Der Oberste Gerichtshof hat als Revisionsgericht in Arbeits‑ und Sozialrechtssachen durch den Senatspräsidenten Univ.‑Prof. Dr. Neumayr als Vorsitzenden, den Hofrat Dr. Schramm, die Hofrätin Dr. Fichtenau sowie die fachkundigen Laienrichter Mag. Dr. Werner Hallas (aus dem Kreis der Arbeitgeber) und Karl Schmid (aus dem Kreis der Arbeitnehmer) als weitere Richter in der Sozialrechtssache der klagenden Partei G*****, vertreten durch Dr. Susanne Fürst, Rechtsanwältin in Wels, gegen die beklagte Partei Pensionsversicherungsanstalt, 1021 Wien, Friedrich‑Hillegeist‑Straße 1, vertreten durch Dr. Josef Milchram und andere Rechtsanwälte in Wien, über die außerordentliche Revision der beklagten Partei gegen das Urteil des Oberlandesgerichts Linz als Berufungsgericht in Arbeits‑ und Sozialrechtssachen vom 27. Oktober 2016, GZ 11 Rs 95/16v‑16, mit dem das Urteil des Landesgerichts Wels als Arbeits‑ und Sozialgericht vom 24. Mai 2016, GZ 30 Cgs 20/16i‑5, bestätigt wurde, zu Recht erkannt:

European Case Law Identifier: ECLI:AT:OGH0002:2017:010OBS00156.16P.0221.000

 

Spruch:

 

Der außerordentlichen Revision wird nicht Folge gegeben.

Die beklagte Partei ist schuldig, der klagenden Partei die mit 418,78 EUR (darin enthalten 69,80 EUR USt) bestimmten Kosten der Revisionsbeantwortung zu ersetzen.

 

Entscheidungsgründe:

Mit Bescheid vom 18. 1. 2016 stellte die beklagte Partei die dem Kläger zu seiner monatlichen Bruttopension von 710,97 EUR gewährte Ausgleichszulage in Höhe von 171,81 EUR ab 1. 2. 2016 vorläufig ein.

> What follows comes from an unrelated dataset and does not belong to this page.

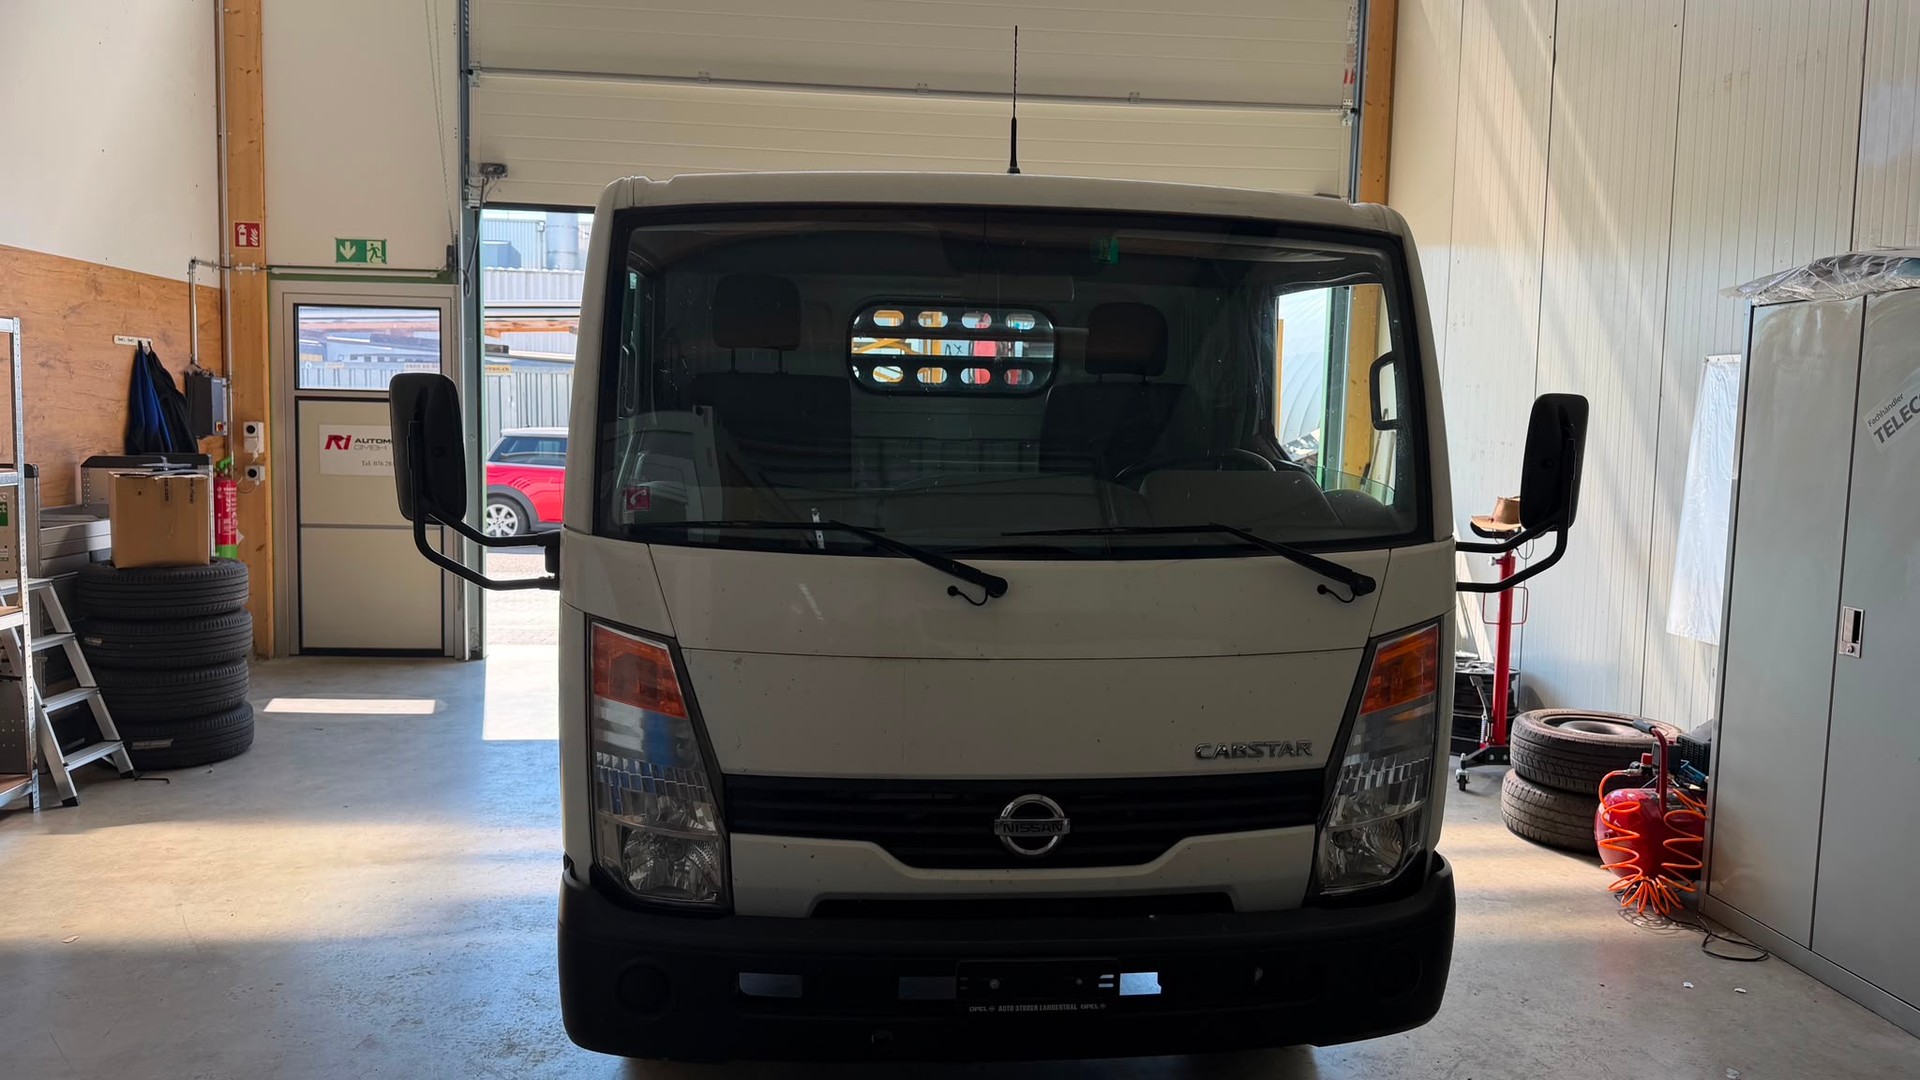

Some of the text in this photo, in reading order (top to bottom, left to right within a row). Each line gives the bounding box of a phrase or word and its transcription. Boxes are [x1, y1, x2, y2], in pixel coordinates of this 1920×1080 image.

[1867, 393, 1904, 427] Fachhändler
[1873, 394, 1920, 444] TELEC
[1195, 739, 1313, 760] CABSTAR
[1003, 822, 1063, 833] NISSAN

Der Kläger begehrt die Weitergewährung der Ausgleichszulage über den 31. 1. 2016 hinaus. Er habe zwei Bekannte (ein geschiedenes Ehepaar) in seine Mietwohnung aufgenommen, die für die Möglichkeit, bei ihm zu wohnen, insgesamt etwa 350 bis 400 EUR monatlich zahlen. Die Frau sei ebenfalls Ausgleichszulagenbezieherin, der Mann erhalte von der Gebietskrankenkasse bzw dem Arbeitsmarktservice etwa 660 EUR monatlich. Da die Kosten der Wohnung (Miete, Betriebskosten, Strom, GIS‑Gebühren und Kabel‑TV) insgesamt 675 EUR monatlich betragen, sei die Einstellung der Ausgleichszulage nicht gerechtfertigt.

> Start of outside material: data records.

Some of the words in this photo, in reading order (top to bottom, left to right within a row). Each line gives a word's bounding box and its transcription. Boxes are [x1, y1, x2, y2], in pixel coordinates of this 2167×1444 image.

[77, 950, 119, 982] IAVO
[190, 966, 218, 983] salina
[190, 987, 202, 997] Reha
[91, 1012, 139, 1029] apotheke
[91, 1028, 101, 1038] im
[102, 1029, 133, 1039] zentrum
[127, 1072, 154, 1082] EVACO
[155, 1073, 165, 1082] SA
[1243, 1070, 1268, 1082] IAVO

Die beklagte Partei beantragte Klageabweisung und wendete ein, der Kläger lukriere aus Vermietung und Verpachtung ein Einkommen von zumindest 350 EUR monatlich, das – mangels Aufzählung in § 292 Abs 4 ASVG – Nettoeinkommen iSd § 292 Abs 3 ASVG darstelle. Addiere man die Einnahmen aus Vermietung und Verpachtung von zumindest 350 EUR zur Bruttopension des Klägers in Höhe von 710,97 EUR, sei der Richtsatz bei weitem überschritten, dies selbst wenn man berücksichtige, dass von den Mieteinnahmen noch Betriebs‑ und Erhaltungskosten abgezogen werden müssen.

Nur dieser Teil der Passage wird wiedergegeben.